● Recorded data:
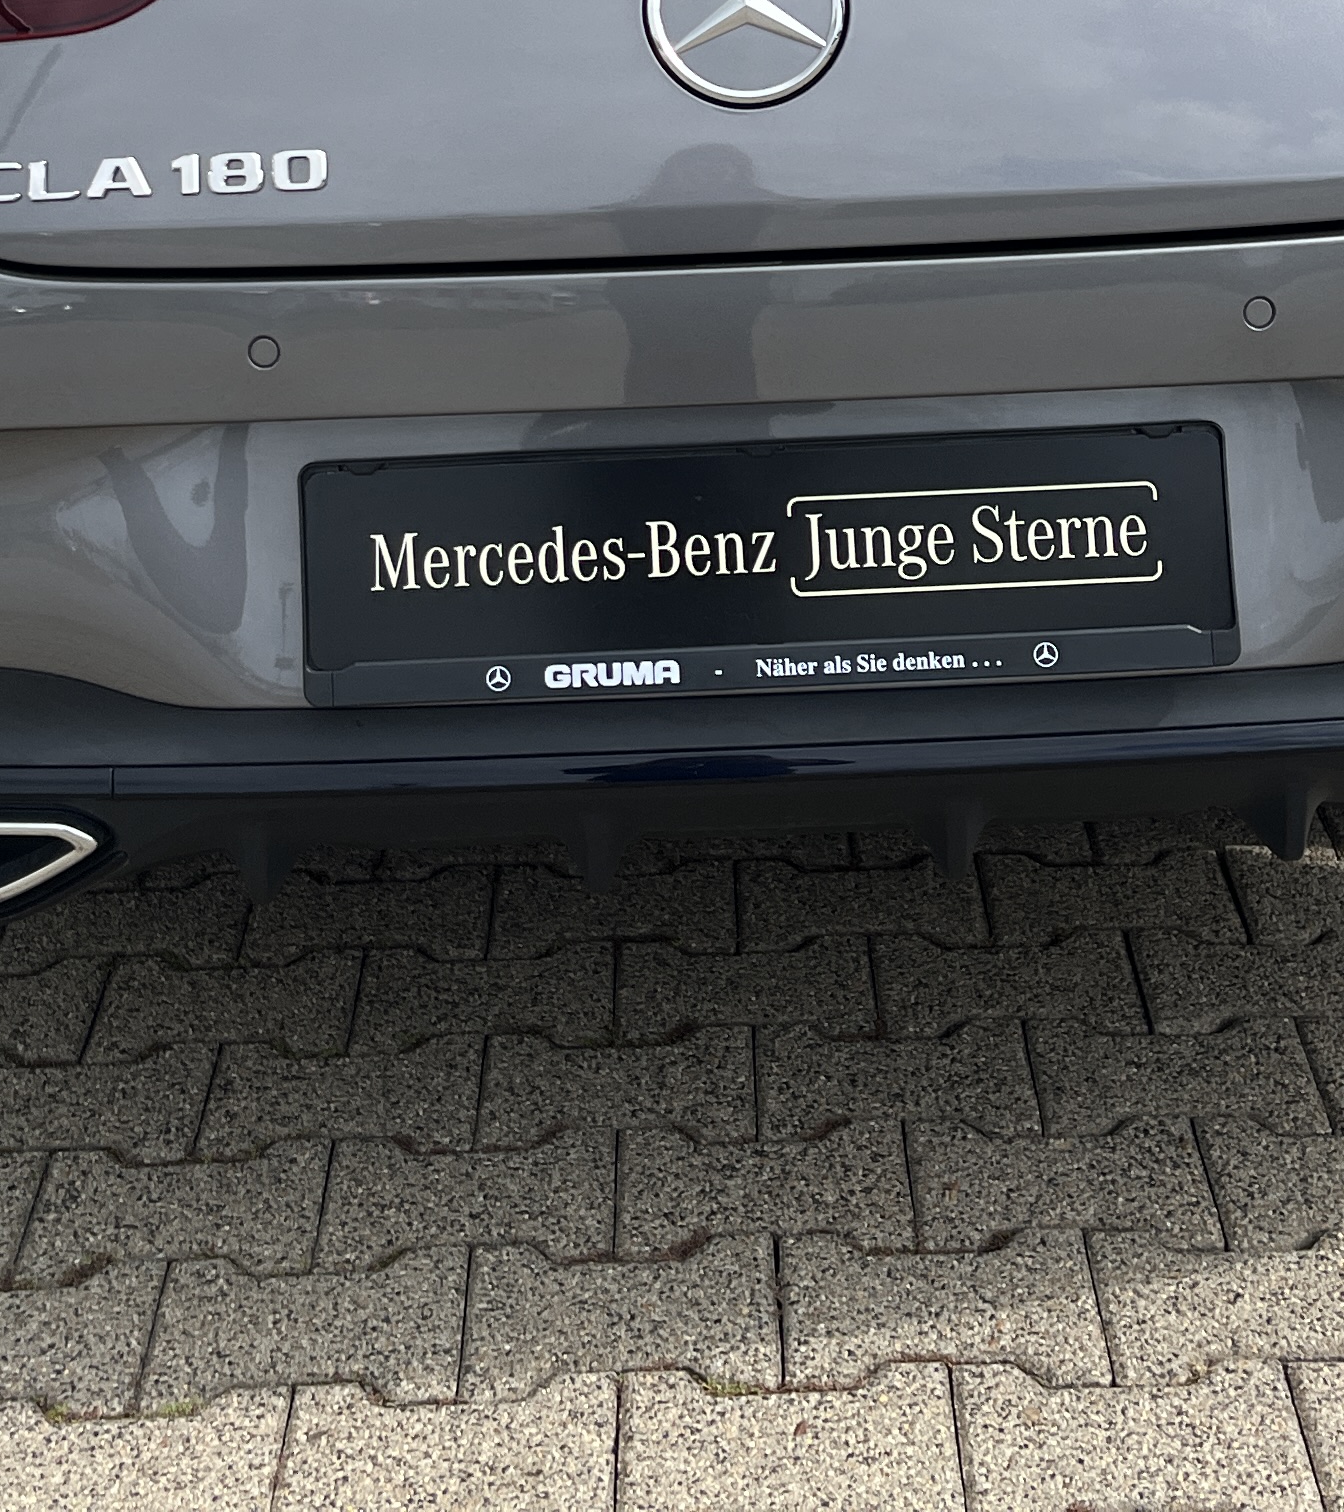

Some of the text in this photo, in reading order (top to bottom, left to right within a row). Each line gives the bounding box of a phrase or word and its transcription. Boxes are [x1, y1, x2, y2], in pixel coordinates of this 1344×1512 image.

[171, 148, 329, 196] 180
[369, 504, 1149, 592] Mercedes-Benz Junge Sterne
[544, 659, 681, 689] GRUMA
[755, 657, 819, 678] Näher
[823, 655, 852, 675] als
[856, 653, 888, 673] Sie
[892, 651, 966, 672] denken
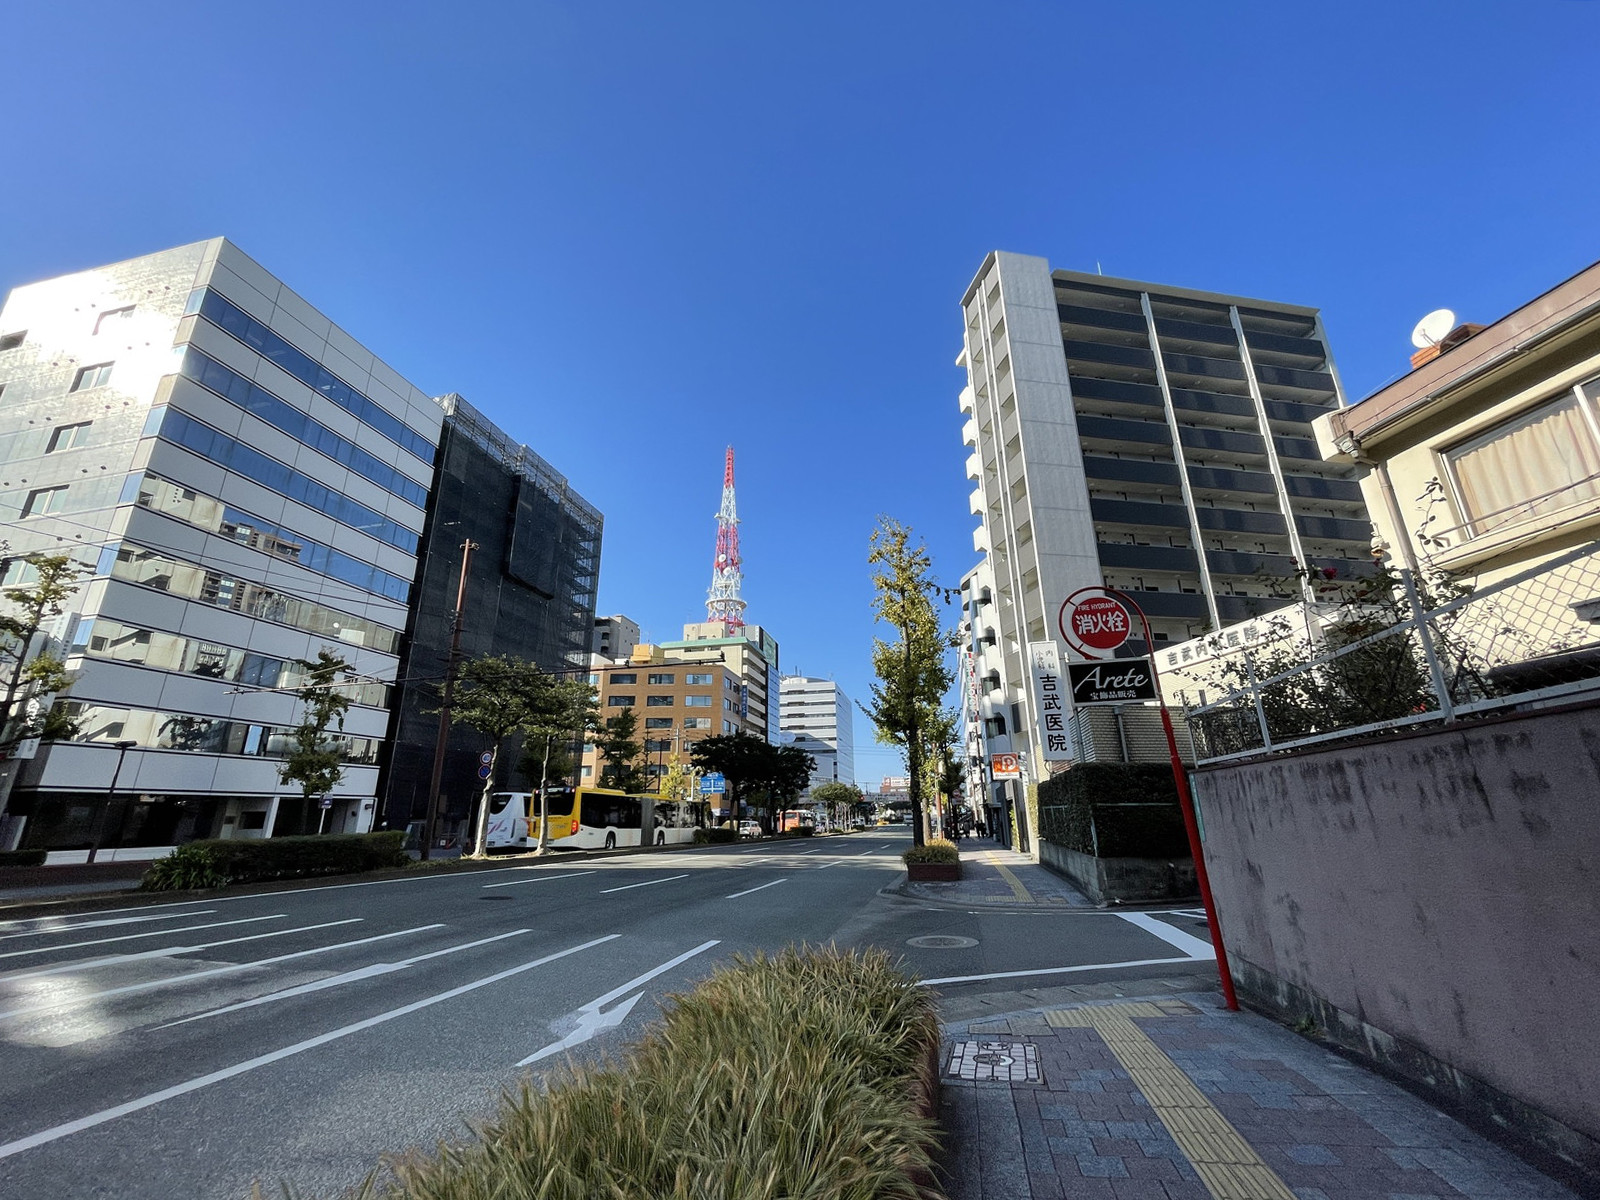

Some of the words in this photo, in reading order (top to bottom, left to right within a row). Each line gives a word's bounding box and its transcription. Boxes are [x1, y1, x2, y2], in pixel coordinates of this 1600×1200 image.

[1091, 602, 1117, 610] HYDRANT
[1075, 610, 1127, 635] 消火栓
[1074, 666, 1149, 694] Arete
[1039, 673, 1068, 752] 吉武医院

● AIM OF THE TASK:
Exclude every picture, then reproduce the remaining data character for character.

● TASK RESULT:
Some of the text in this photo, in reading order (top to bottom, left to right within a row). Each line gives the bounding box of a phrase or word and its transcription. Boxes are [x1, y1, x2, y2], in pixel coordinates of this 1344×1512 image.

[171, 148, 329, 196] 180
[369, 504, 1149, 592] Mercedes-Benz Junge Sterne
[544, 659, 681, 689] GRUMA
[755, 657, 819, 678] Näher
[823, 655, 852, 675] als
[856, 653, 888, 673] Sie
[892, 651, 966, 672] denken

Some of the words in this photo, in reading order (top to bottom, left to right within a row). Each line gives a word's bounding box and its transcription. Boxes are [x1, y1, x2, y2], in pixel coordinates of this 1600×1200 image.

[1091, 602, 1117, 610] HYDRANT
[1075, 610, 1127, 635] 消火栓
[1074, 666, 1149, 694] Arete
[1039, 673, 1068, 752] 吉武医院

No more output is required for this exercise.